[Collected data]
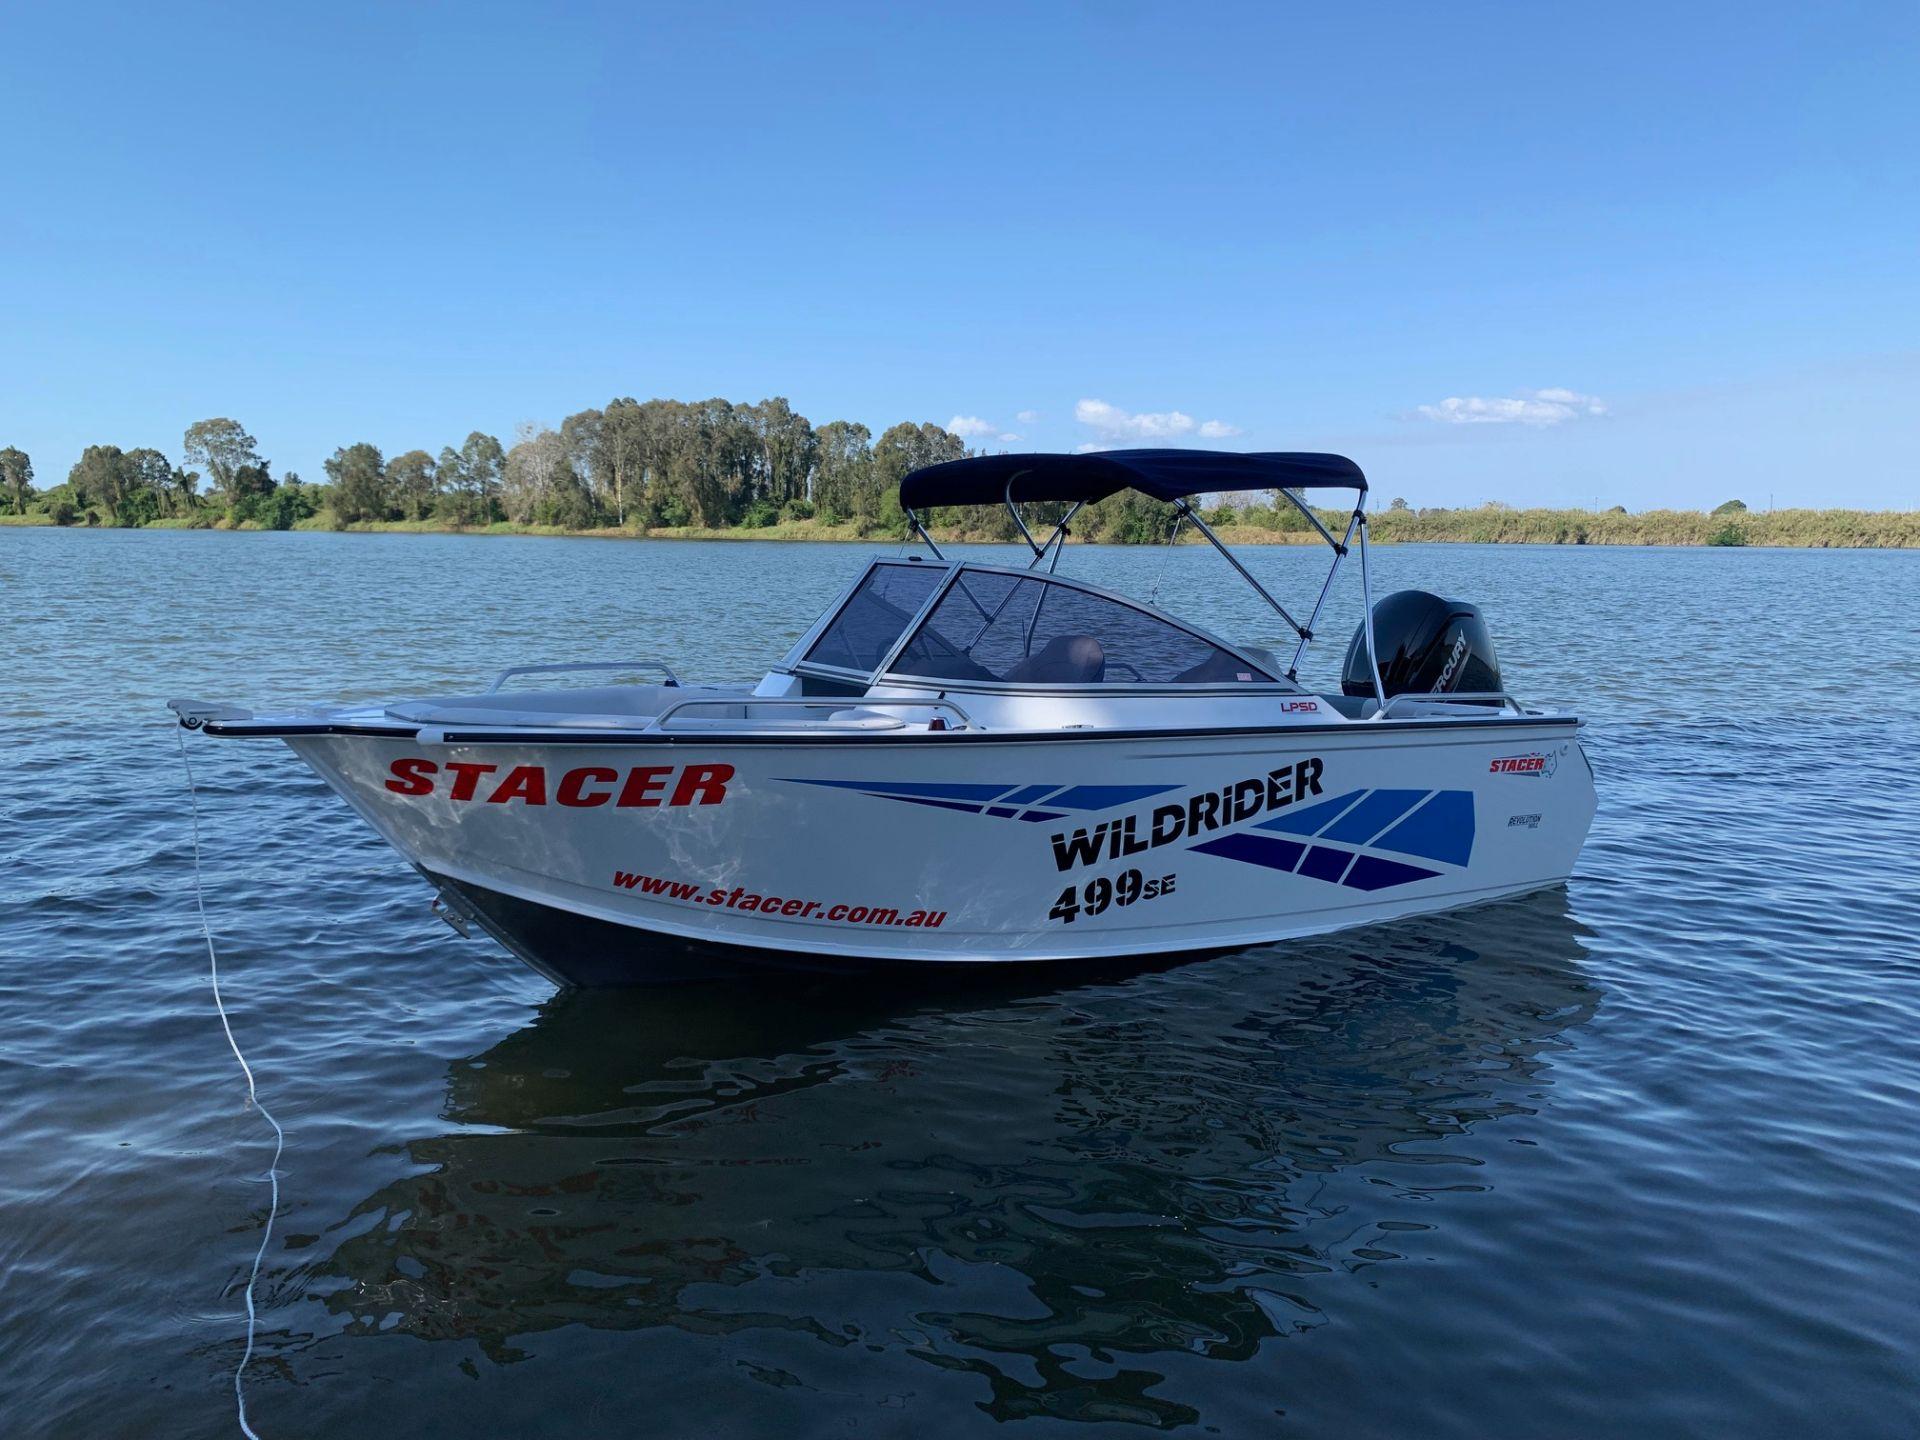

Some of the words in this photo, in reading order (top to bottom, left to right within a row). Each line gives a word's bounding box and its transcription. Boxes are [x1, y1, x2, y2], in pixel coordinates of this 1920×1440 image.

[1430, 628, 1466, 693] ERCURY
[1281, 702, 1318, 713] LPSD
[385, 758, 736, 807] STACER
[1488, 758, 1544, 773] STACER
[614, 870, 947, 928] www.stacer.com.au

* [Work instruction]:
Output the records exactly, and let none of their pictures appear in the copy.

* [Exercise output]:
Some of the words in this photo, in reading order (top to bottom, left to right within a row). Each line gives a word's bounding box and its transcription. Boxes are [x1, y1, x2, y2], in pixel coordinates of this 1920×1440 image.

[1430, 628, 1466, 693] ERCURY
[1281, 702, 1318, 713] LPSD
[385, 758, 736, 807] STACER
[1488, 758, 1544, 773] STACER
[614, 870, 947, 928] www.stacer.com.au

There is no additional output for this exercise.